(Julian Barnes. Nothing To Be Frightened Of).
Опубликовано в журнале Октябрь, номер 5, 2009
Julian Barnes. Nothing To Be Frightened Of. L.: Cape, 2008.
“Нечего бояться” (Nothing To Be Frightened Of) – так называется книга британского писателя Джулиана Барнса, недавно вышедшая в лондонском издательстве “Кейп”. Барнс, этот щеголь, ославленный критиками как патентованный постмодернист, играет здесь со своим читателем; никакой другой не обнаружит в названии перекличку с другой эссеистической его книгой “Something To Declare” – “Есть, что задекларировать” (или “Кое-что для декларации”, или “Есть, что заявить”, или как угодно еще). И верно, бояться нечего, но за- и про-декларировать действительно кое-что найдется – даже на самой строгой таможне “республики словесности”. Как обычно, Барнс остроумен, красноречив, культурен, грустен и одержим галломанией, только сейчас он не тратит все эти свои достоинства на описание вымышленных персонажей. Всё правда. Nonfiction.

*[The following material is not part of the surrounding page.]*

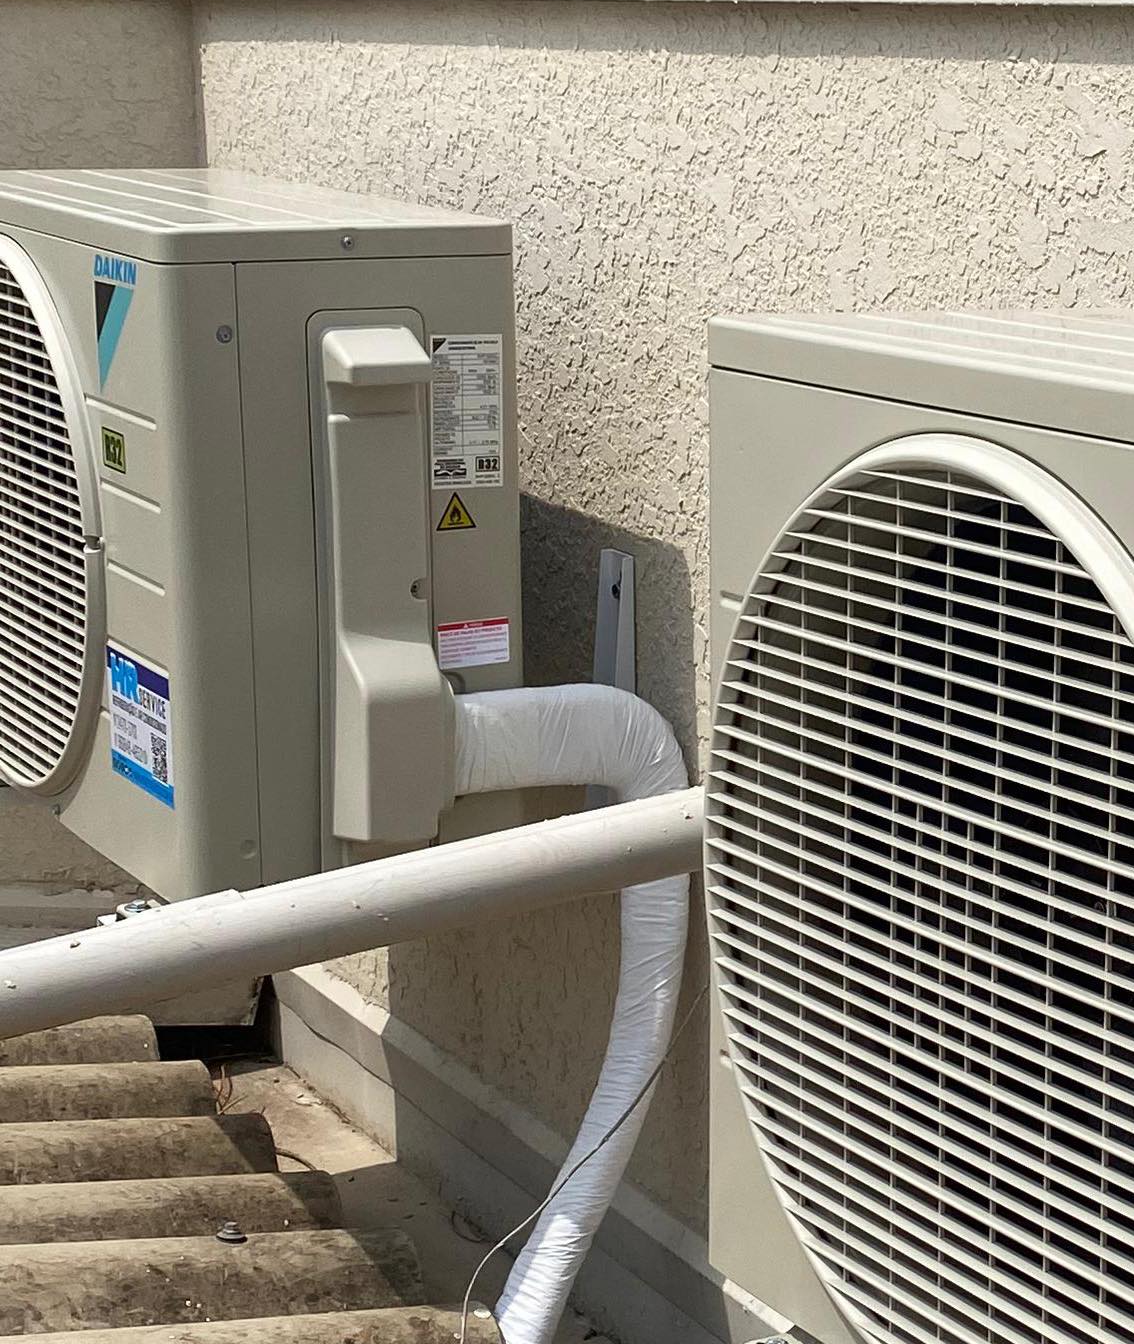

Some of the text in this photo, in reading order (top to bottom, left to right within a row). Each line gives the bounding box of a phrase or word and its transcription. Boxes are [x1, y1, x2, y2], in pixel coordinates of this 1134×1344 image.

[94, 253, 136, 285] DAIKIN
[105, 434, 123, 466] R32
[110, 652, 140, 704] HR
[139, 687, 167, 720] SERVICE

То, чего не следует бояться, – смерть. Барнс одержим смертью; точнее, он потрясен тем, что она существует. Отсюда и сюжет лучшего его романа “Попугай Флобера”: протагонист путешествует по местам и временам жизни и творчества нормандского мученика стиля, пытаясь то ли заслонить, то ли объяснить себе совсем иной сюжет – смерть своей жены. Попугай (пародия на Святой Дух во флоберовском “Простом сердце”) в барнсовском романе становится жутковатым символом назойливой памяти вдовца и болтливого призвания беллетриста. В сущности, все остальные книги Барнса будто написаны этим самым попугаем Флобера, чучело которого разыскивал герой одноименного романа. А сам Барнс, помешанный на авторе “Саламбо” и “Бювара и Пекюше”, – чем он не попугай Флобера? После выхода в свет “Nothing To Be Frightened Of” оказалось, что у этого попугая были родители, есть брат и страх смерти.
Итак, смерти бояться не следует, но автор боится ее – до дрожи. Смерть эта – современная, нерелигиозная, прохладная – разыгрывается чаще всего в чистенькой палате больницы или хосписа в окружении медперсонала. Родственники редко успевают поприсутствовать при последнем вздохе родного человека, а некоторые даже упускают шанс попрощаться и с его телесной оболочкой. “Когда умерла мать, владелец похоронного бюро из соседней деревни спросил, не хочет ли семья взглянуть на тело. Я сказал – да; мой брат – нет. На самом деле его ответ – когда я позвонил ему – был таким: “Бог ты мой, нет. Здесь я согласен с Платоном”. Я не хранил в голове текста, на который он сослался. “Что сказал Платон?” – поинтересовался я. “Что он не верит в созерцание мертвых тел””. Мать Барнса оказалась мертвее мертвой, но каким-то странным образом похожей на себя живую: “…глаза закрыты, рот слегка приоткрыт, слева чуть шире, чем справа, что было похоже на нее: она обычно держала сигарету в правом углу рта и вот так вела беседу – пока столбик пепла не вырастал до угрожающих размеров”. Старший брат Джулиана Барнса – академический философ; критики замечают, что “Нечего бояться” – это диалог младшего брата со старшим, беллетриста с философом. О накале семейной любви повествует рассказанная в книге история о том, как в детстве в течение четырех лет братья должны были вместе ездить в школу на метро. Никогда – заметьте, никогда! – они не садились в один вагон; да что там в вагон! старший всегда специально ждал следующий поезд. Именно с этим истинным философом косвенно связан отчасти философский сюжет, который я хотел бы здесь обсудить.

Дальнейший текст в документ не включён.